*Problem requirements:* Make an exact copy of the entries below with the pictures removed.
○ ○ ○ ○ ○ ○ ○
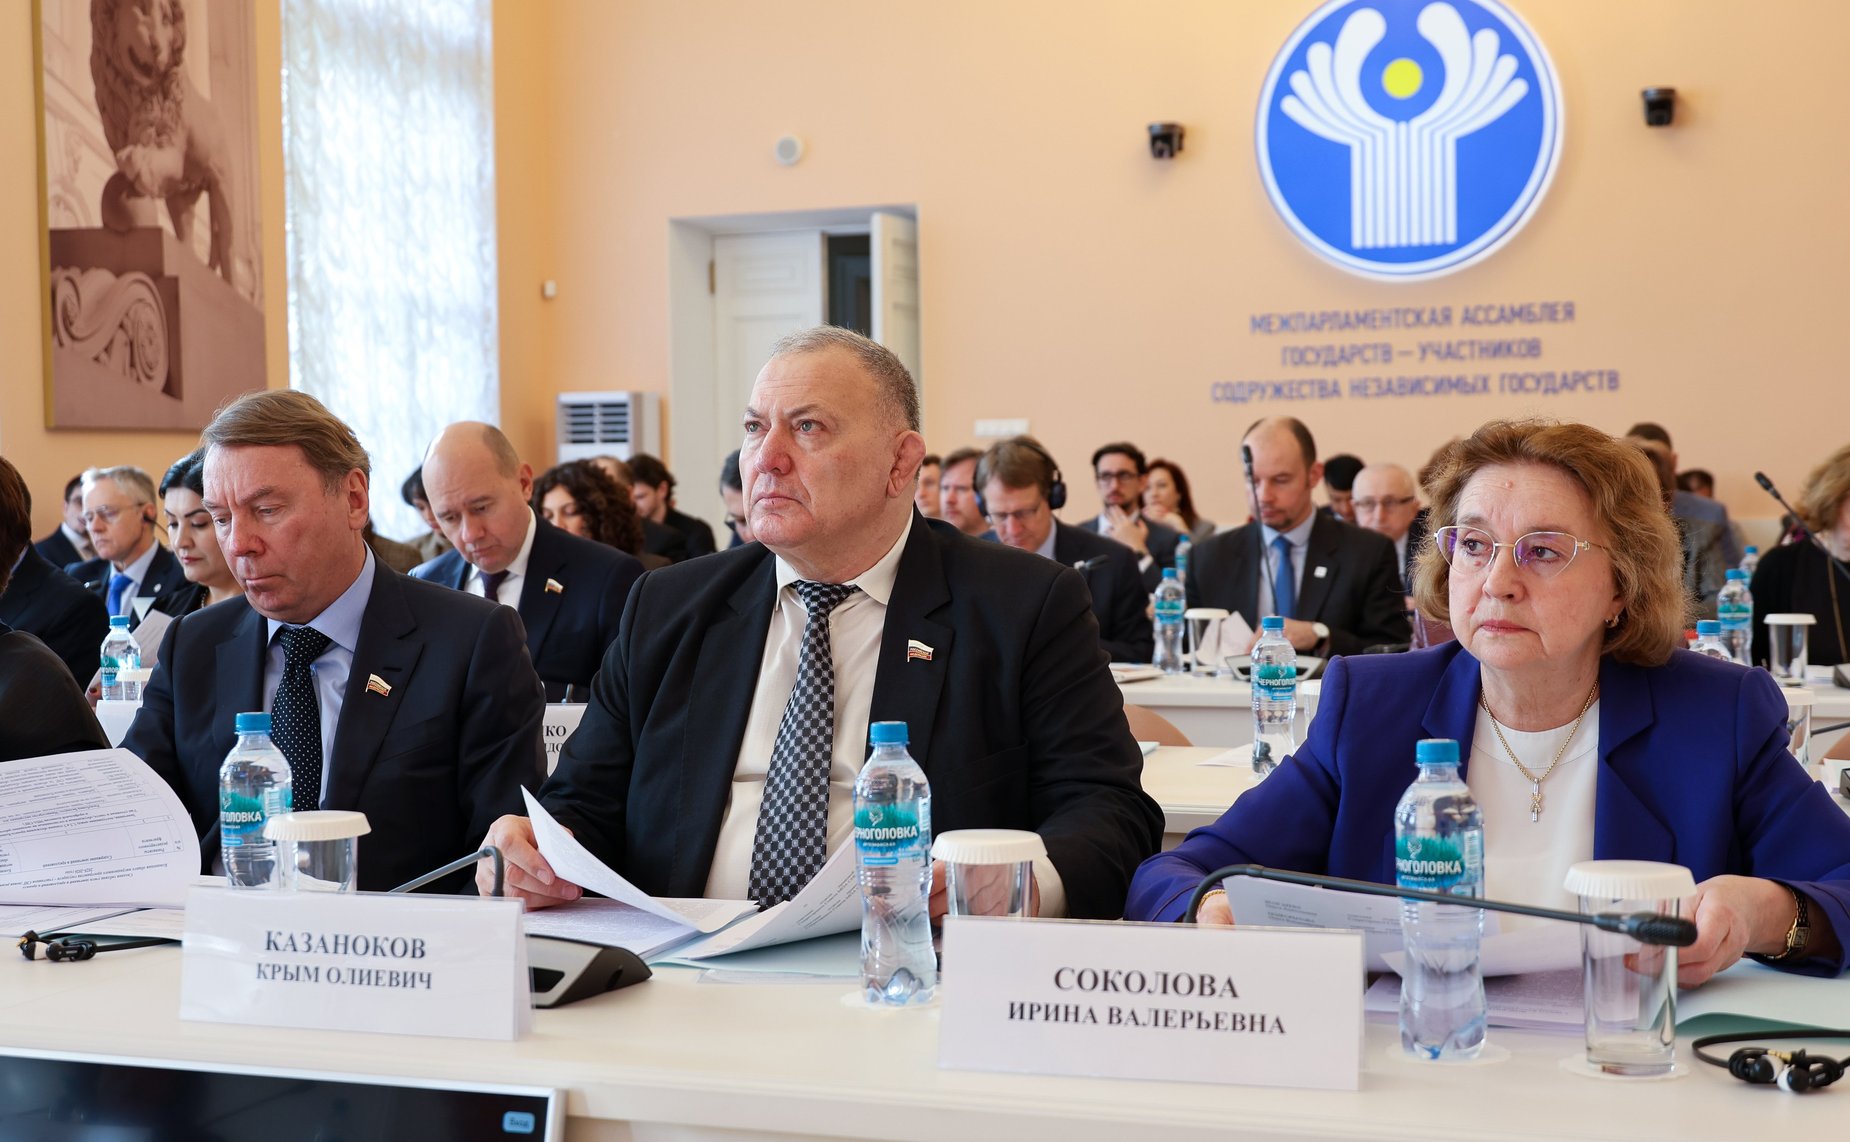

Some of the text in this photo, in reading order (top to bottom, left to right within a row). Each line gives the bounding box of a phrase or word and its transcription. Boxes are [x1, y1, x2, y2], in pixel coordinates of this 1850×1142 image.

[1250, 301, 1576, 335] МЕЖПАРЛАМЕНТСКАЯ АССАМБЛЕЯ
[1281, 341, 1393, 368] ГОСУДАРСТВ
[1418, 337, 1542, 363] УЧАСТНИКОВ
[1211, 369, 1620, 404] СОДРУЖЕСТВА НЕЗАВИСИМЫХ ГОСУДАРСТВ
[545, 725, 567, 737] КО
[265, 930, 427, 959] КАЗАНОКОВ
[256, 962, 433, 990] КРЫМ ОЛИЕВИЧ
[1054, 966, 1240, 999] СОКОЛОВА
[1007, 1001, 1287, 1035] ИРИНА ВАЛЕРЬЕВНА
○ ○ ○ ○ ○ ○ ○
*Completed exercise:*
Some of the text in this photo, in reading order (top to bottom, left to right within a row). Each line gives the bounding box of a phrase or word and its transcription. Boxes are [x1, y1, x2, y2], in pixel coordinates of this 1850×1142 image.

[1250, 301, 1576, 335] МЕЖПАРЛАМЕНТСКАЯ АССАМБЛЕЯ
[1281, 341, 1393, 368] ГОСУДАРСТВ
[1418, 337, 1542, 363] УЧАСТНИКОВ
[1211, 369, 1620, 404] СОДРУЖЕСТВА НЕЗАВИСИМЫХ ГОСУДАРСТВ
[545, 725, 567, 737] КО
[265, 930, 427, 959] КАЗАНОКОВ
[256, 962, 433, 990] КРЫМ ОЛИЕВИЧ
[1054, 966, 1240, 999] СОКОЛОВА
[1007, 1001, 1287, 1035] ИРИНА ВАЛЕРЬЕВНА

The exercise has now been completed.